This is a postgresql extension to tokenize sentences in Japanese. morphological tokenizer.
This is simple usage.
ja_tokenizer=# CREATE EXTENSION ja_tokenizer;
CREATE EXTENSION
ja_tokenizer=# SELECT jat_tokenize('PostgreSQLで形態要素解析をする');
jat_tokenize
--------------
PostgreSQL
で
形態
要素
解析
を
する
(7 rows)
This is by json.
ja_tokenizer=# select * from jat_tokenize_to_json('人工知能は最近発展した。

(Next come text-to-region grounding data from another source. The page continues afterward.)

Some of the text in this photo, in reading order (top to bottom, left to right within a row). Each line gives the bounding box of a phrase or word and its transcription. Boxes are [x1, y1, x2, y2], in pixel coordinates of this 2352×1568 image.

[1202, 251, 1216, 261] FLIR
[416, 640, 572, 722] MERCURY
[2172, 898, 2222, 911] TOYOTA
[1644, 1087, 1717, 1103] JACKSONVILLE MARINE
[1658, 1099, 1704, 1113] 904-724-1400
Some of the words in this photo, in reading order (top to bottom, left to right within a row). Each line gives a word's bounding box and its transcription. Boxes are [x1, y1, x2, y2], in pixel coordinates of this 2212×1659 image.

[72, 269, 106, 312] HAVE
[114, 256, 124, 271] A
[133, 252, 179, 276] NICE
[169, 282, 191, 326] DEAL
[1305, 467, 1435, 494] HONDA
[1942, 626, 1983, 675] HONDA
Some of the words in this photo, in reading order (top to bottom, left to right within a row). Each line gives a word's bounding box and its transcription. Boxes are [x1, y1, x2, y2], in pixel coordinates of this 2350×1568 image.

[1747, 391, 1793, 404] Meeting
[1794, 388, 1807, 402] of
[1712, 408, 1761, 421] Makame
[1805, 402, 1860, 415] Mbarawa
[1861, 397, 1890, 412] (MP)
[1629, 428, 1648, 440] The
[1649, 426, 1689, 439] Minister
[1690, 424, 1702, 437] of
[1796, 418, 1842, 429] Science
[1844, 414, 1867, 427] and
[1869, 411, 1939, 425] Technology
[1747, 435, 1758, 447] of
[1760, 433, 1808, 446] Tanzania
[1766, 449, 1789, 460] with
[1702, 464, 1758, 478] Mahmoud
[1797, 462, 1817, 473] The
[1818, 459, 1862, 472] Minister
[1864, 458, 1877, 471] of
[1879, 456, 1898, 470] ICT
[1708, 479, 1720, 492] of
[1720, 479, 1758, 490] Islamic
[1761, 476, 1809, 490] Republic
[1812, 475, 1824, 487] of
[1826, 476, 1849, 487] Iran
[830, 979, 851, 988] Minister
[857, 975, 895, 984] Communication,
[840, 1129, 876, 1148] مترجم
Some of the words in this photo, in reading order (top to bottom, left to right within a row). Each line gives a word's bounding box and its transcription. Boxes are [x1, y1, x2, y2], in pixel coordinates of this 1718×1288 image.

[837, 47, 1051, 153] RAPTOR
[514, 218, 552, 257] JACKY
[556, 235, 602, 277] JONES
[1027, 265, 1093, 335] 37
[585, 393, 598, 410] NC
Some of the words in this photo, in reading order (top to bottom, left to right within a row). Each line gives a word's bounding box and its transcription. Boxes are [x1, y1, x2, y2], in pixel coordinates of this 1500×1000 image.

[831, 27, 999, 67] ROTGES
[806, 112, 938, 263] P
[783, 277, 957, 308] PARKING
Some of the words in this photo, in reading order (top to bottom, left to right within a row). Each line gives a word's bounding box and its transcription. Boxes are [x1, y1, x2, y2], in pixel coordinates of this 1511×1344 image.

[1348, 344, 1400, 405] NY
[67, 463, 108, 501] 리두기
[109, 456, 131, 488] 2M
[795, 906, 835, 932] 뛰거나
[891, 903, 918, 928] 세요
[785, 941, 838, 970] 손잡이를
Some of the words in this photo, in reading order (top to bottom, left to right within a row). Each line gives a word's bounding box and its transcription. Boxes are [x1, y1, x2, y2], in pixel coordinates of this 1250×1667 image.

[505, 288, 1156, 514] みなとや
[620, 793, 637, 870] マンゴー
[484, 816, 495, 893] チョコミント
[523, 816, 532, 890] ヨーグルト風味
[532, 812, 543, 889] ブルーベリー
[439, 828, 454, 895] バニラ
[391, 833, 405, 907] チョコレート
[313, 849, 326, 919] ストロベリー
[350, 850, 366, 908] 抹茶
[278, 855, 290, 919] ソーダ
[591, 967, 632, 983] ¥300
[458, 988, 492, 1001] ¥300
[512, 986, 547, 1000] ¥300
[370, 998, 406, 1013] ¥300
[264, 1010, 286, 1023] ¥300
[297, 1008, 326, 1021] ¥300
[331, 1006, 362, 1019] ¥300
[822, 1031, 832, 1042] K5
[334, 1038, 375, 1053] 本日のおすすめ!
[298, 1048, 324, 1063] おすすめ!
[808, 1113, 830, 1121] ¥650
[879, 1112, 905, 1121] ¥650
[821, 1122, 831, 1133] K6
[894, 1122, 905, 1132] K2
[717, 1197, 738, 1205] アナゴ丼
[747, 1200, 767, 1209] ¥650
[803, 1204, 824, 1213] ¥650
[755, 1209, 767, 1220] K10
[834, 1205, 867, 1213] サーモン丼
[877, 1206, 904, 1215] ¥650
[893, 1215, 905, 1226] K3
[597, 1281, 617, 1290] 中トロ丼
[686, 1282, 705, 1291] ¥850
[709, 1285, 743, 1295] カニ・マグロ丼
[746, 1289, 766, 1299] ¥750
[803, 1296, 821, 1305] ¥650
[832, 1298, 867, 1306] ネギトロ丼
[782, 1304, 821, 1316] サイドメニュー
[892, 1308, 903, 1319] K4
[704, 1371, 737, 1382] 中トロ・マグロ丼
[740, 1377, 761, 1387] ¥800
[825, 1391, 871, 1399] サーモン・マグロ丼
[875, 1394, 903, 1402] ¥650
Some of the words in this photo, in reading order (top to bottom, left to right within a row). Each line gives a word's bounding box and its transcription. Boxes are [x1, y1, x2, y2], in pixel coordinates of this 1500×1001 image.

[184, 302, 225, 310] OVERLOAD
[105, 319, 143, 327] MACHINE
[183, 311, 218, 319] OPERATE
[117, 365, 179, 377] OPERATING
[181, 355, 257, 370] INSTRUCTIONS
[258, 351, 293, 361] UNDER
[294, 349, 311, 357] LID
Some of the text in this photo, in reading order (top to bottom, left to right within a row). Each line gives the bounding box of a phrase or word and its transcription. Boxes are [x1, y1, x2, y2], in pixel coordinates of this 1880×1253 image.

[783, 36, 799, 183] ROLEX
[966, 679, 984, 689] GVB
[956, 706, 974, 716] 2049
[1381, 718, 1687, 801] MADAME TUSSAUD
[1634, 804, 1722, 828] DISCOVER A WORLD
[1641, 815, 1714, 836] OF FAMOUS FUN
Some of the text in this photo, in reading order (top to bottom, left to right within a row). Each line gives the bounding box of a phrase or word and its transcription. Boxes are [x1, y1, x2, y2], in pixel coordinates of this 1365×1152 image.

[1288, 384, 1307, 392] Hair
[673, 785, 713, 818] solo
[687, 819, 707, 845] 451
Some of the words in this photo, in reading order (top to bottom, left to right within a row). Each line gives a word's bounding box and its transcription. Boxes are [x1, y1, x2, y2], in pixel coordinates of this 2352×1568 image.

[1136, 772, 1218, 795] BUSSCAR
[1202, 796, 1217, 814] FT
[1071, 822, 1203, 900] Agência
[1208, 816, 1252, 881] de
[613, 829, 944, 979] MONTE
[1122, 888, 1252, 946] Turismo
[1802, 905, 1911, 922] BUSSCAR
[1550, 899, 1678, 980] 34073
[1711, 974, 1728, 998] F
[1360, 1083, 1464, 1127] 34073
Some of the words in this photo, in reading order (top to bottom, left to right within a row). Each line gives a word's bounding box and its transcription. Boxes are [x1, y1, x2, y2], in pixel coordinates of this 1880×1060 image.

');
jat_tokenize_to_json
-----------------------------------------------------------
{"conjugation":"一般","feature":"名詞","text":"人工"}
{"conjugation":"一般","feature":"名詞","text":"知能"}
{"conjugation":"係助詞","feature":"助詞","text":"は"}
{"conjugation":"副詞可能","feature":"名詞","text":"最近"}
{"conjugation":"サ変接続","feature":"名詞","text":"発展"}
{"conjugation":"自立","feature":"動詞","text":"し"}
{"conjugation":"*","feature":"助動詞","text":"た"}
{"conjugation":"句点","feature":"記号","text":"。"}
(8 rows)
For using user defined dictionary, use jat_config
.
ja_tokenizer=# select jat_config('/app/sample/user_dic.csv');
jat_config
------------
/app/sample/user_dic.csv
(1 row)
ja_tokenizer=# select jat_tokenize('東京スカイツリーの最寄り駅はとうきょうスカイツリー駅です');
jat_tokenize
--------------------------
東京スカイツリー
の
最寄り駅
は
とうきょうスカイツリー駅
です
(6 rows)
Test for all version of postgresql.
cargo pgx test
Test for postgresql 14 only.
cargo pgx test pg14